[Stored data entries]
_ _ _ _

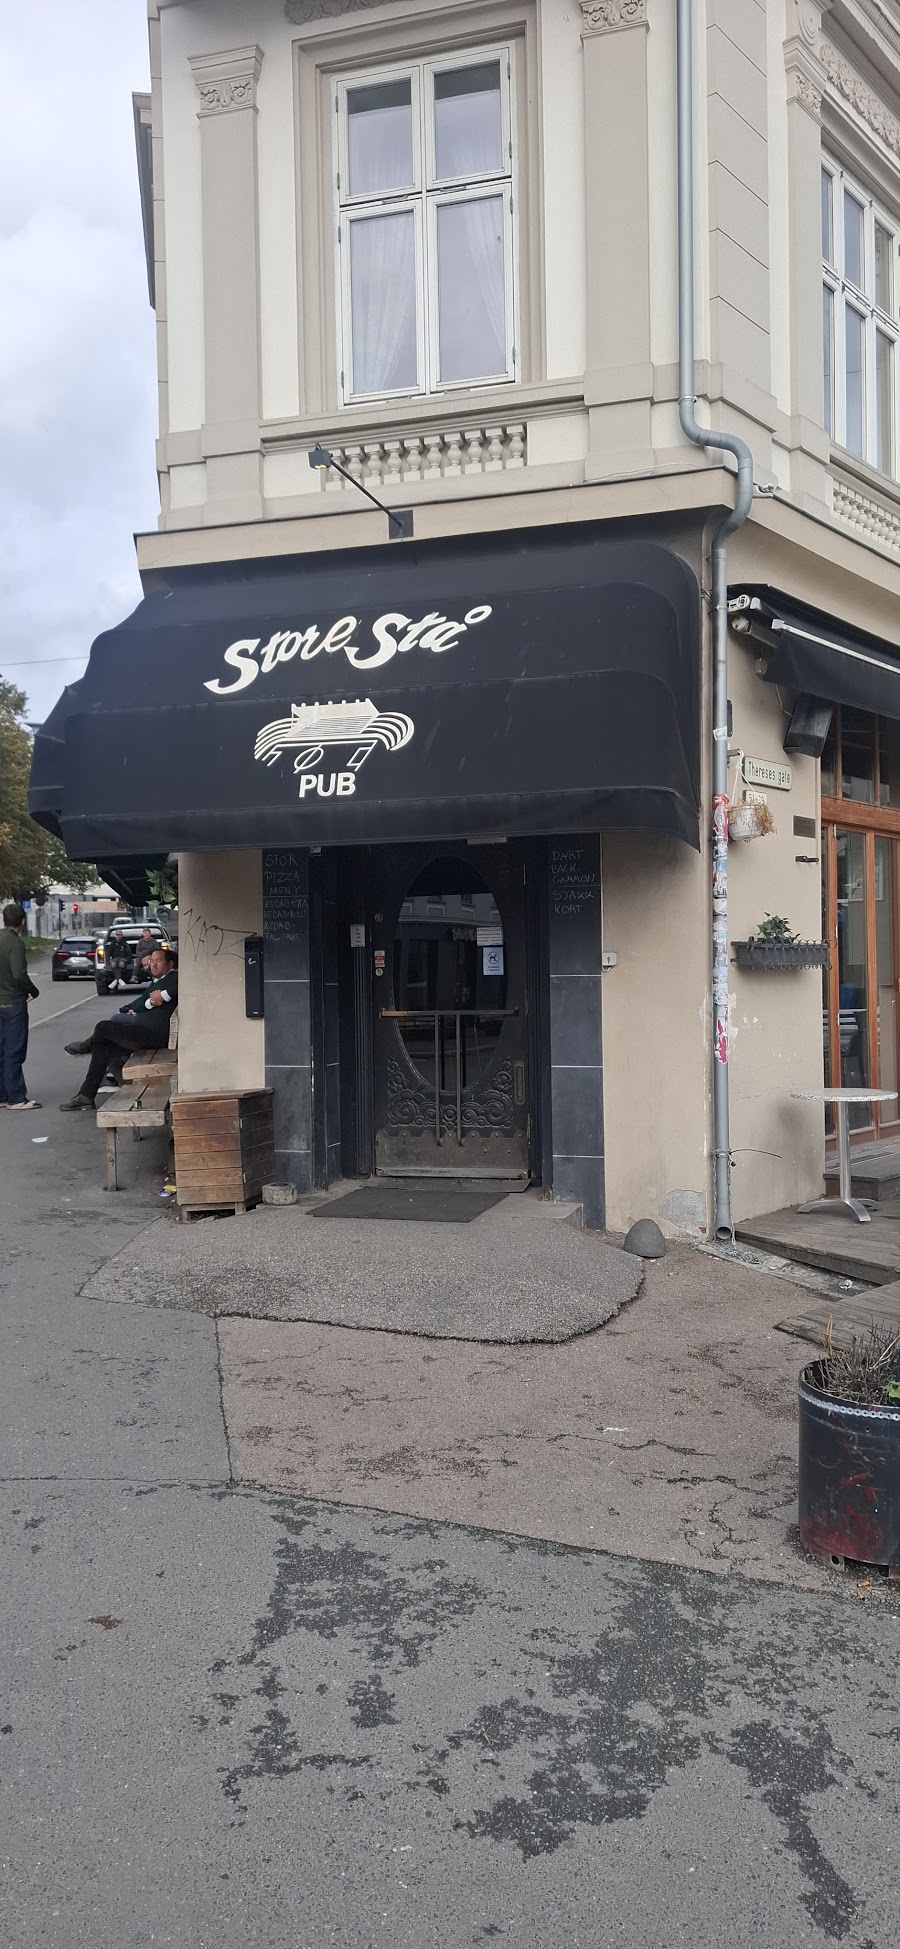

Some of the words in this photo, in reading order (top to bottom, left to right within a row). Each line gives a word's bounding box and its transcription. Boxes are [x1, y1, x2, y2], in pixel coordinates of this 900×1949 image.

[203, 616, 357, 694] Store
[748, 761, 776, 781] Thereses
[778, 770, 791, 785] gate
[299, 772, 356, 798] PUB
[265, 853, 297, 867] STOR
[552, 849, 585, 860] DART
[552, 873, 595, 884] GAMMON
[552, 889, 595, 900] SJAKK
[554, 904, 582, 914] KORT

_ _ _ _

## Exercise requirements
Start to finish, write out the data above exactly, omitting all pictures.

## Answer section
Some of the words in this photo, in reading order (top to bottom, left to right within a row). Each line gives a word's bounding box and its transcription. Boxes are [x1, y1, x2, y2], in pixel coordinates of this 900×1949 image.

[203, 616, 357, 694] Store
[748, 761, 776, 781] Thereses
[778, 770, 791, 785] gate
[299, 772, 356, 798] PUB
[265, 853, 297, 867] STOR
[552, 849, 585, 860] DART
[552, 873, 595, 884] GAMMON
[552, 889, 595, 900] SJAKK
[554, 904, 582, 914] KORT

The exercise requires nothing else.